Data shown section start
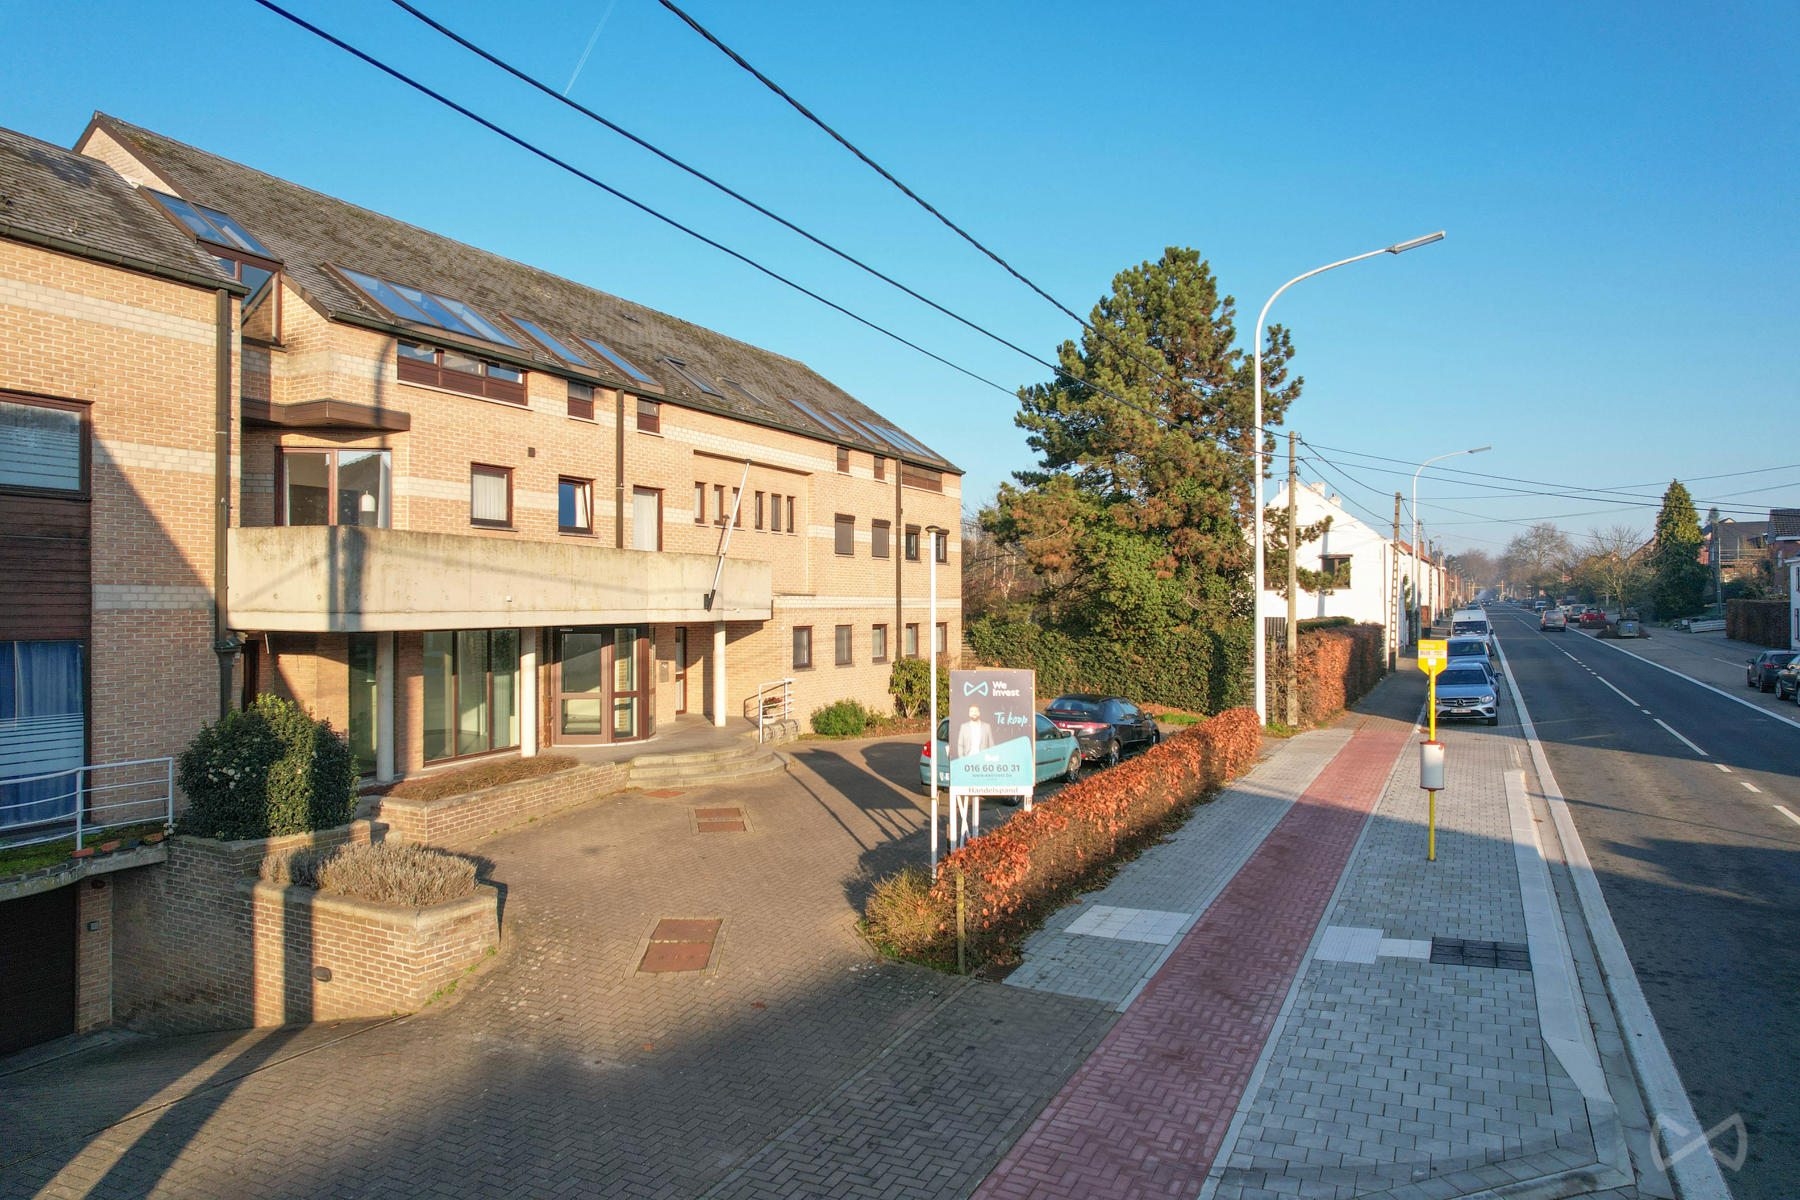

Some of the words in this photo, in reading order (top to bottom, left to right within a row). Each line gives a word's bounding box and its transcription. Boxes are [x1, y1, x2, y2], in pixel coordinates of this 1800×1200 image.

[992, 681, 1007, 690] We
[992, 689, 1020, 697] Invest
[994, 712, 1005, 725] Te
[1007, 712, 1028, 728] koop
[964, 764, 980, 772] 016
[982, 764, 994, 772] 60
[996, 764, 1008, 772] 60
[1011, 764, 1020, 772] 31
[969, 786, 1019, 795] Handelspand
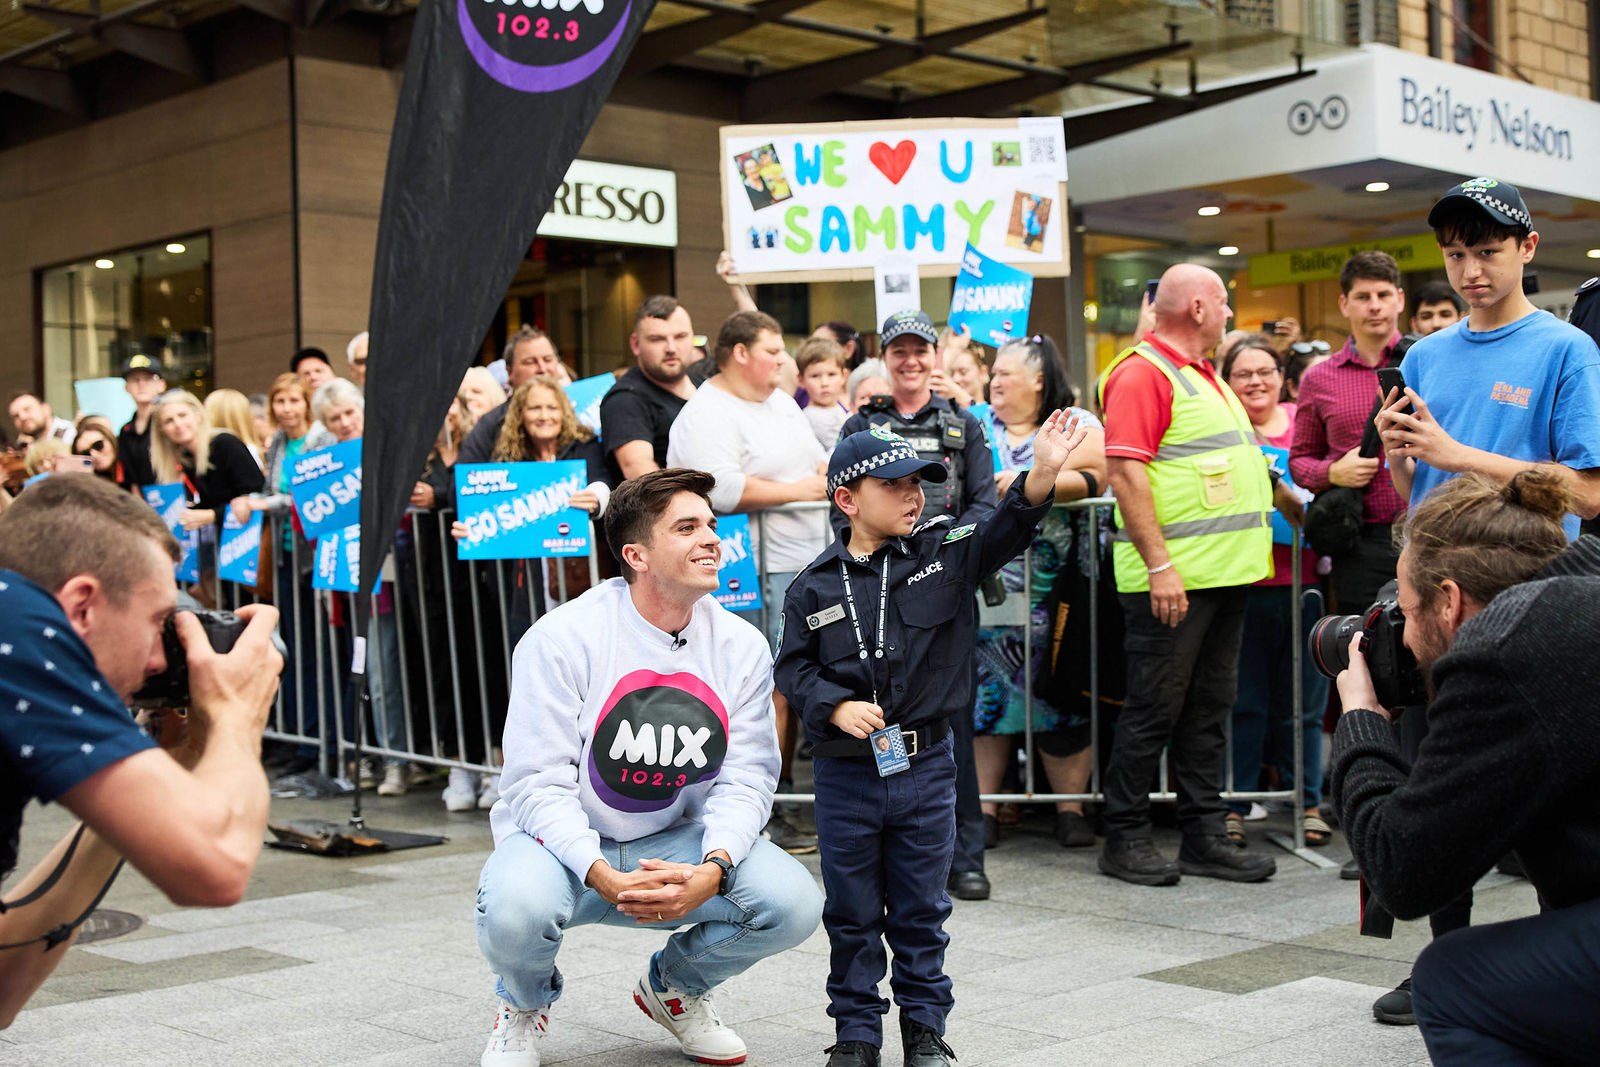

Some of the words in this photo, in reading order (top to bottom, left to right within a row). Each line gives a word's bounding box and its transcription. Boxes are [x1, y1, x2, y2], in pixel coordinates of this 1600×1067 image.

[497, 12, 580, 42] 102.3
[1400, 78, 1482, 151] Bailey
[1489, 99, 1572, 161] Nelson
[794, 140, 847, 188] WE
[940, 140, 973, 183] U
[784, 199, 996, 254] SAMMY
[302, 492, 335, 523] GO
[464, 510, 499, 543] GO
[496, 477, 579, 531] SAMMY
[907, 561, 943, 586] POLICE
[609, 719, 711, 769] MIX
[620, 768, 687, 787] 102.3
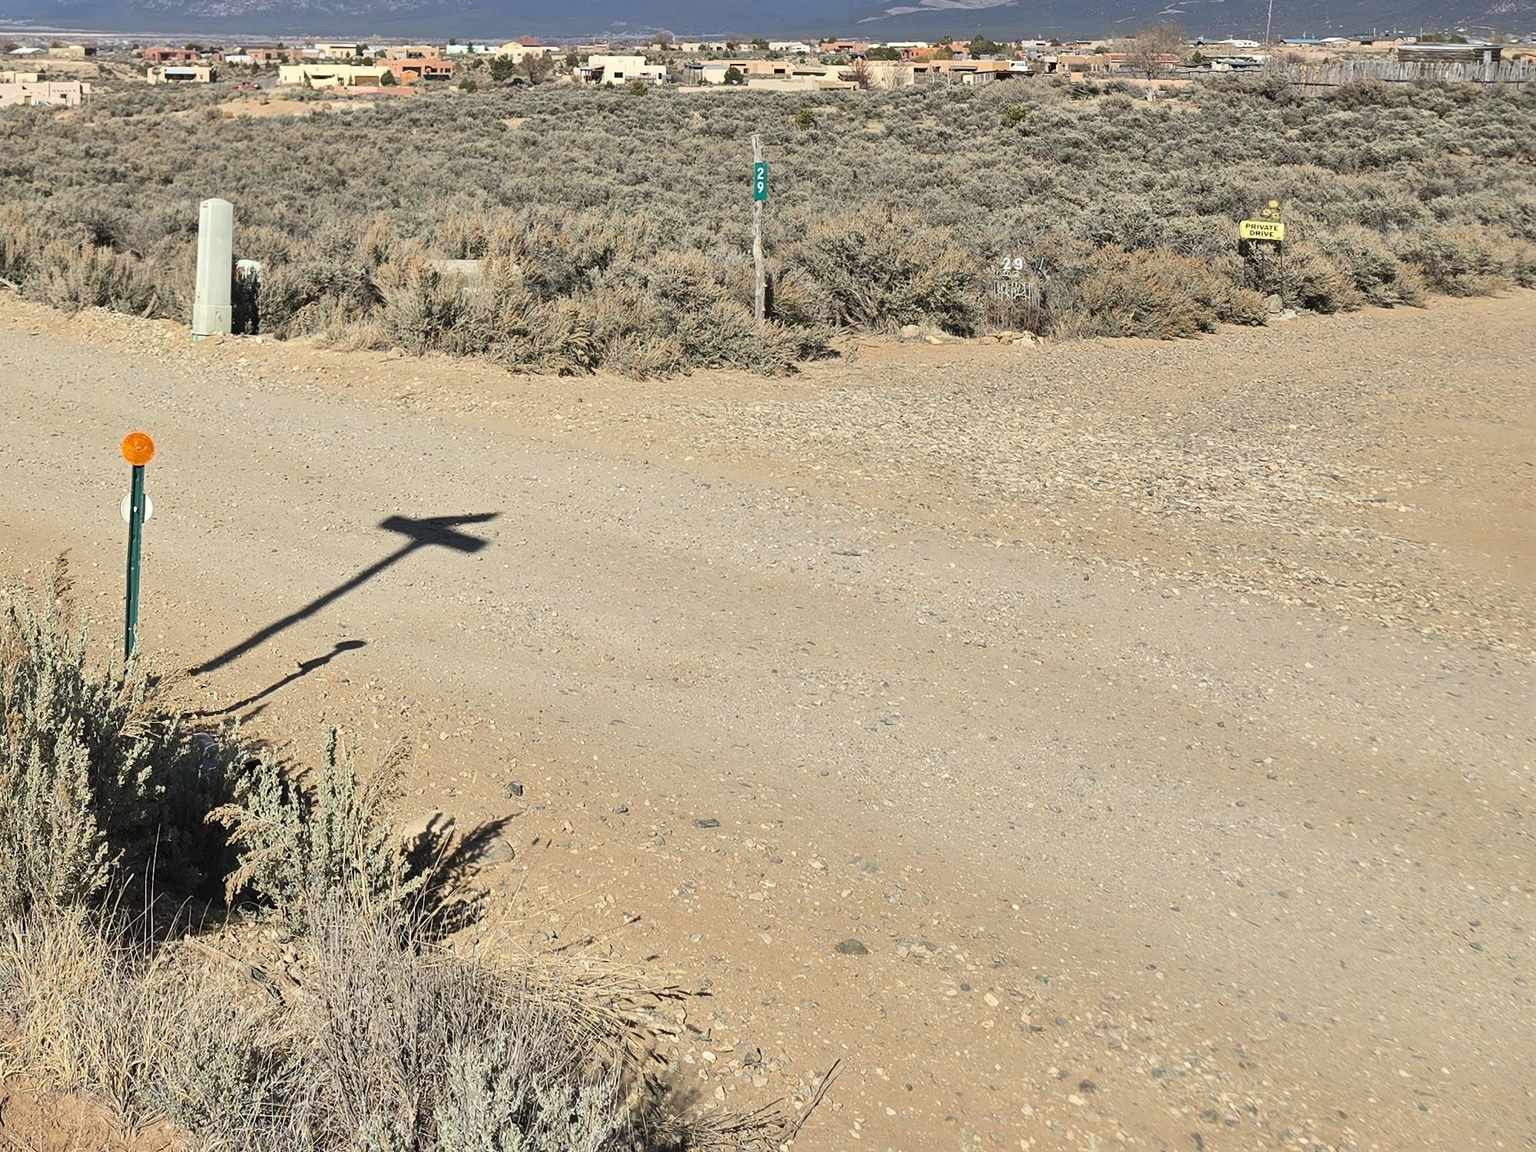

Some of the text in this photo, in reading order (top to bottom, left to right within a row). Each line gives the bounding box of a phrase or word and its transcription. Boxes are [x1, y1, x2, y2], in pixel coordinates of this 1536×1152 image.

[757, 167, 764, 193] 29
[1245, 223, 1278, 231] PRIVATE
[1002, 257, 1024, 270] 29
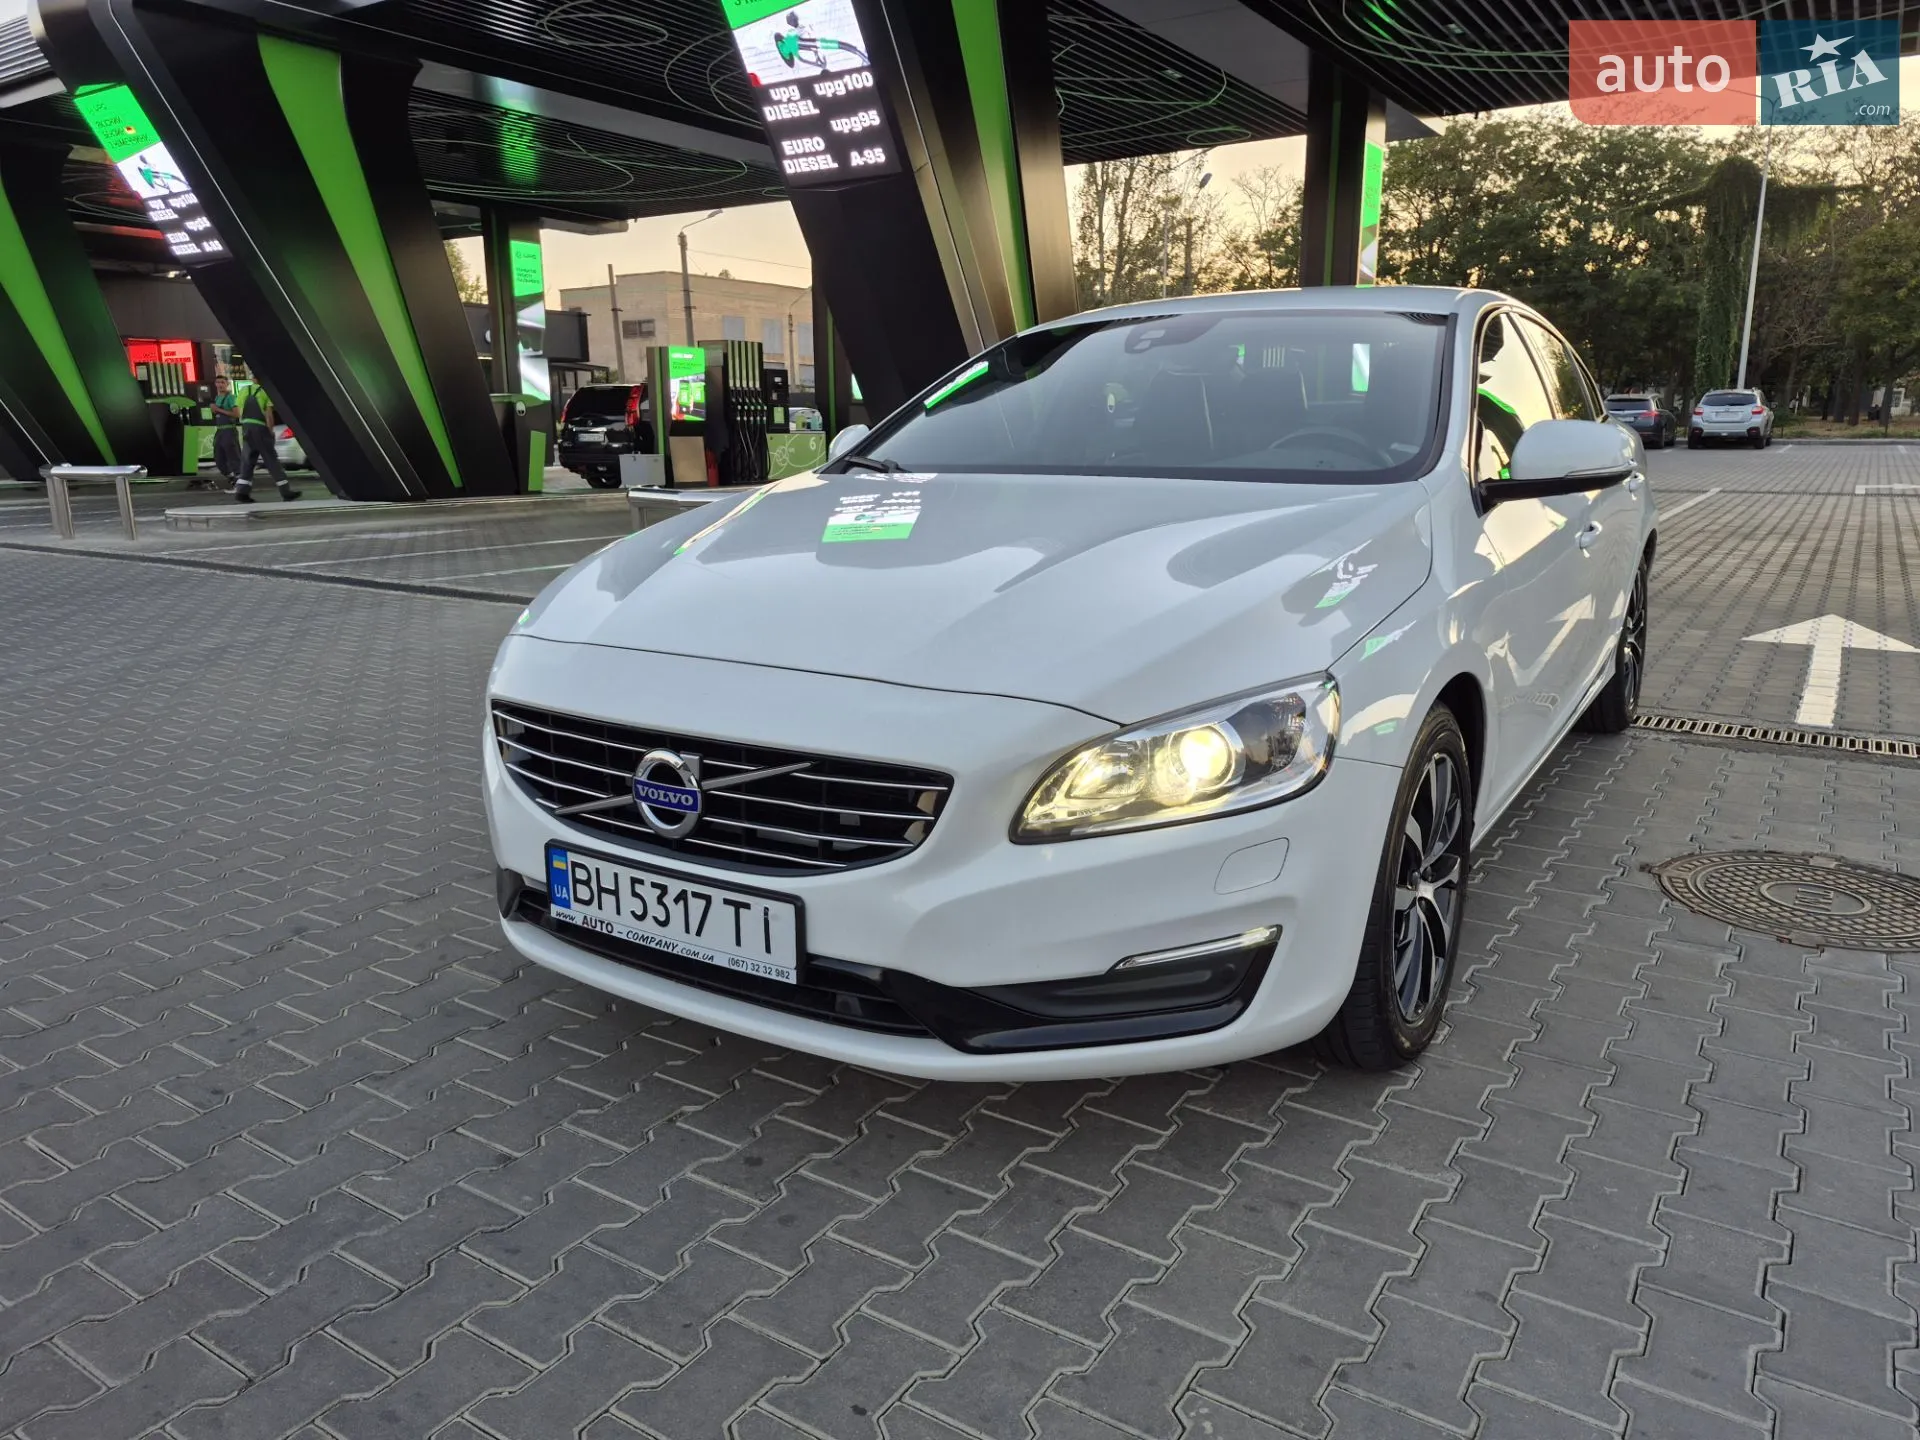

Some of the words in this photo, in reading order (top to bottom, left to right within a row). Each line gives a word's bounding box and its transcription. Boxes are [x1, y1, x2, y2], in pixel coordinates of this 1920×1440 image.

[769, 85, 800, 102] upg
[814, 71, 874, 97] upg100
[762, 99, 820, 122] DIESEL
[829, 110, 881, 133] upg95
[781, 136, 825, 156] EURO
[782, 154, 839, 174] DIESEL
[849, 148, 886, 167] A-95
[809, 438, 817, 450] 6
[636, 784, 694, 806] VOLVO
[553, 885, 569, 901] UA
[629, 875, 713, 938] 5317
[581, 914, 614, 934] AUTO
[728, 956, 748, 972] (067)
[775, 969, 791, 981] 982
Data shown section end
**What you will do**
Write the records out in full, word for word; leave every picture behind.

**Problem solution**
Some of the words in this photo, in reading order (top to bottom, left to right within a row). Each line gives a word's bounding box and its transcription. Boxes are [x1, y1, x2, y2], in pixel coordinates of this 1800×1200 image.

[992, 681, 1007, 690] We
[992, 689, 1020, 697] Invest
[994, 712, 1005, 725] Te
[1007, 712, 1028, 728] koop
[964, 764, 980, 772] 016
[982, 764, 994, 772] 60
[996, 764, 1008, 772] 60
[1011, 764, 1020, 772] 31
[969, 786, 1019, 795] Handelspand

Some of the words in this photo, in reading order (top to bottom, left to right within a row). Each line gives a word's bounding box and its transcription. Boxes are [x1, y1, x2, y2], in pixel coordinates of this 1600×1067 image.

[497, 12, 580, 42] 102.3
[1400, 78, 1482, 151] Bailey
[1489, 99, 1572, 161] Nelson
[794, 140, 847, 188] WE
[940, 140, 973, 183] U
[784, 199, 996, 254] SAMMY
[302, 492, 335, 523] GO
[464, 510, 499, 543] GO
[496, 477, 579, 531] SAMMY
[907, 561, 943, 586] POLICE
[609, 719, 711, 769] MIX
[620, 768, 687, 787] 102.3

Some of the text in this photo, in reading order (top to bottom, left to right within a row). Each line gives the bounding box of a phrase or word and its transcription. Boxes are [x1, y1, x2, y2], in pixel coordinates of this 1536×1152 image.

[757, 167, 764, 193] 29
[1245, 223, 1278, 231] PRIVATE
[1002, 257, 1024, 270] 29

Some of the words in this photo, in reading order (top to bottom, left to right within a row). Each line gives a word's bounding box and its transcription. Boxes are [x1, y1, x2, y2], in pixel coordinates of this 1920×1440 image.

[769, 85, 800, 102] upg
[814, 71, 874, 97] upg100
[762, 99, 820, 122] DIESEL
[829, 110, 881, 133] upg95
[781, 136, 825, 156] EURO
[782, 154, 839, 174] DIESEL
[849, 148, 886, 167] A-95
[809, 438, 817, 450] 6
[636, 784, 694, 806] VOLVO
[553, 885, 569, 901] UA
[629, 875, 713, 938] 5317
[581, 914, 614, 934] AUTO
[728, 956, 748, 972] (067)
[775, 969, 791, 981] 982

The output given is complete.